I happened to type this in some part of the code and noted this ambiguity:
#define I_LIMIT 100000
#define ELE_LIMIT 1000000000
int main() {
// your code goes here
long sum = 0;
for(int i=1; i<=I_LIMIT; i++)
sum += ELE_LIMIT;
cout << sum << endl;
sum = (I_LIMIT*ELE_LIMIT);
cout << sum << endl;
return 0;
}
The output of sum variable in the two cases comes different:
Search the forums. This is one of the most commonly asked questions.
I_LIMIT*ELE_LIMIT
Both of them are ints, there product is stored in int, which then overflows and the overflowed result gets stored in long. Make it (1LL *I_LIMIT*ELE_LIMIT) and see.
sum += ELE_LIMIT
It goes like sum=sum+ELE_limit , which is long+int \implies long. Result stored in long type, doesnt overflow and correct answer stored in sum.
@vijju123’s answer is correct. I just want to add one more thing.

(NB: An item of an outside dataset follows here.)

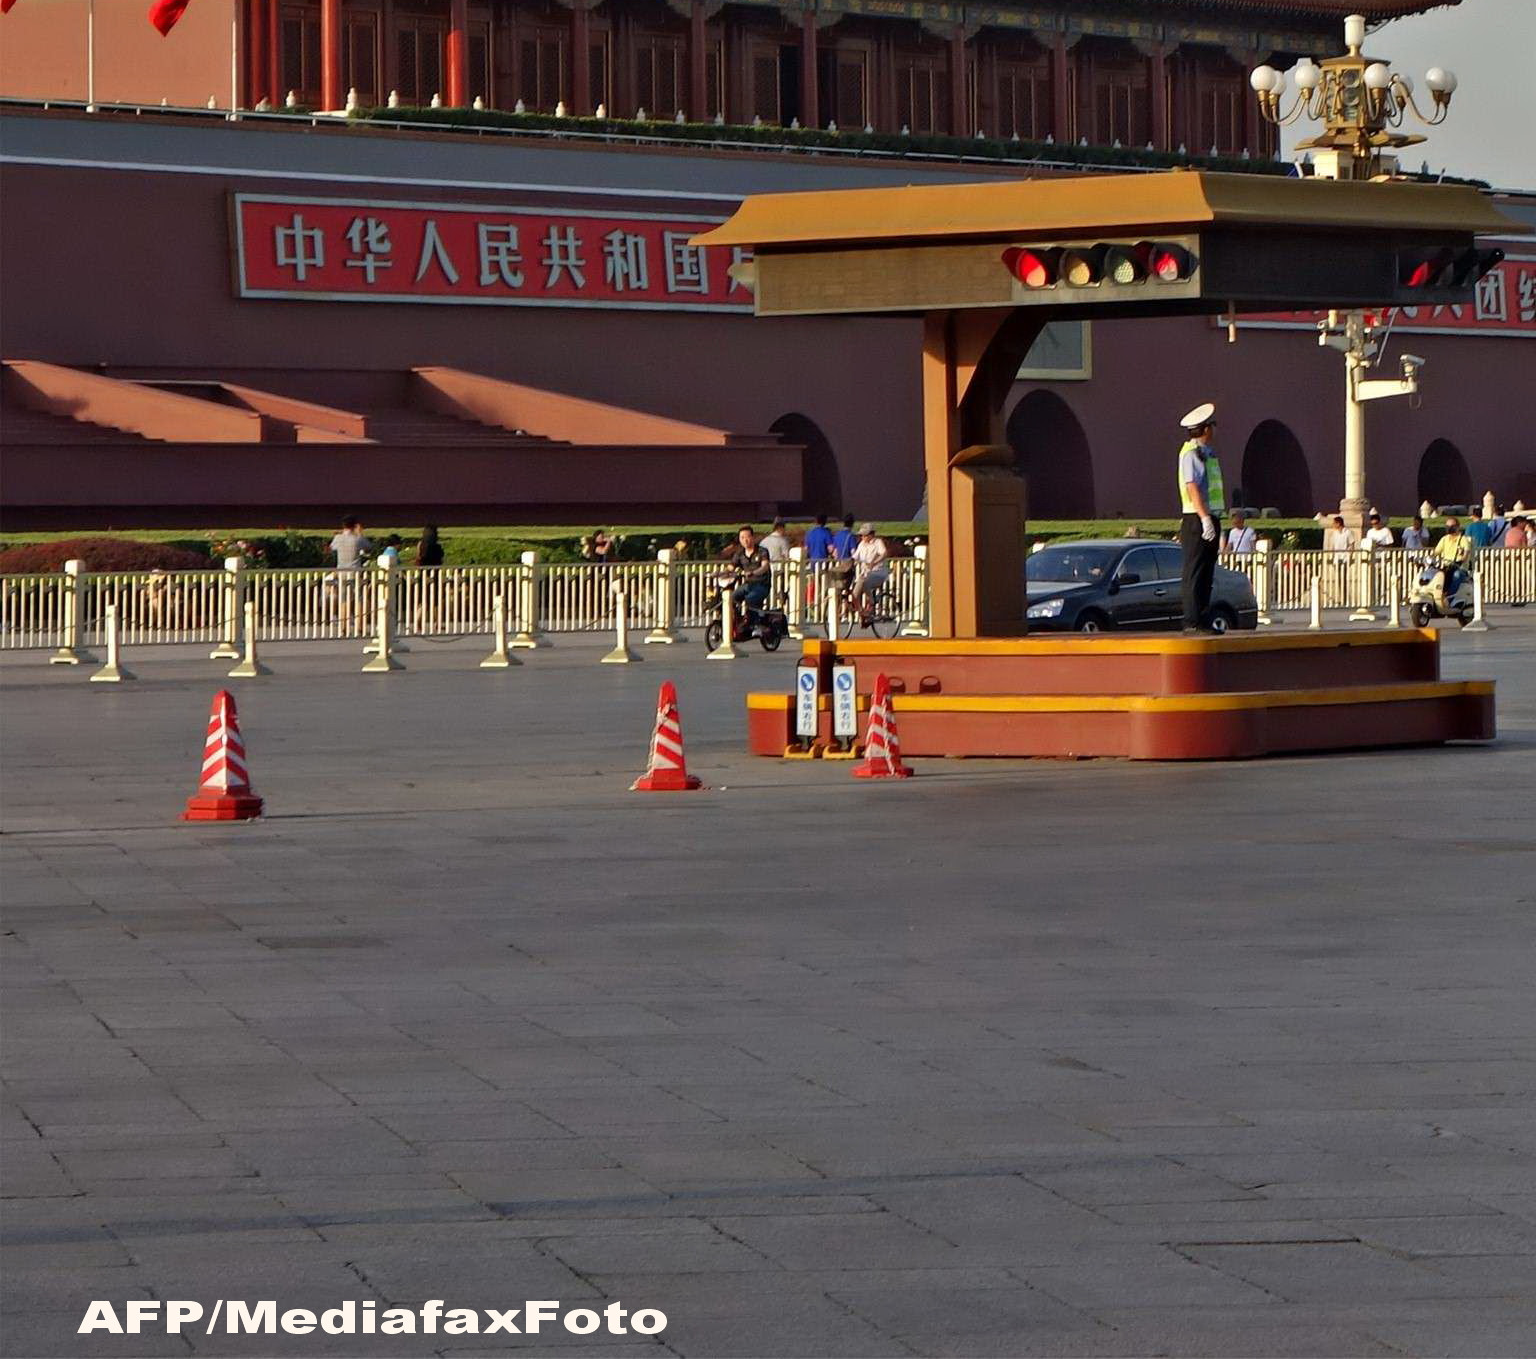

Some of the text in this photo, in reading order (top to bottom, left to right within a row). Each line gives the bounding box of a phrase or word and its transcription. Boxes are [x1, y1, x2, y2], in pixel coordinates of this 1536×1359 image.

[274, 213, 754, 295] 中华人民共和国

Why should we consider that I_LIMIT or ELE_LIMIT will be stored in a 32-bit data type instead of 64-bit data type? Then I stumbled on this StackOverflow answer which explains how does compiler determines the type of Integer Literals in C++ (given there are no explicit suffix in the literal). Basically, it checks if the literal can be contained in any of the following types in the same order and stops as soon as one of the types is able to hold it.
int
long int
long long int
Generally, int is a 32-bit data type and it can contain both the literals. Thus, I_LIMIT and ELE_LIMIT is of type int.
And just for the sake of completeness, the behavior that you have observed is how Implicit Type Conversion works. If you perform an arithmetic operation on two different data types, then the smaller one will be promoted (type promotion) to match with that of the larger data type and then the operation will be performed (this is what happens when you do sum += ELE_LIMIT).
In the other case, both the data type involved in the operation is int and thus the answer will be stored in an int.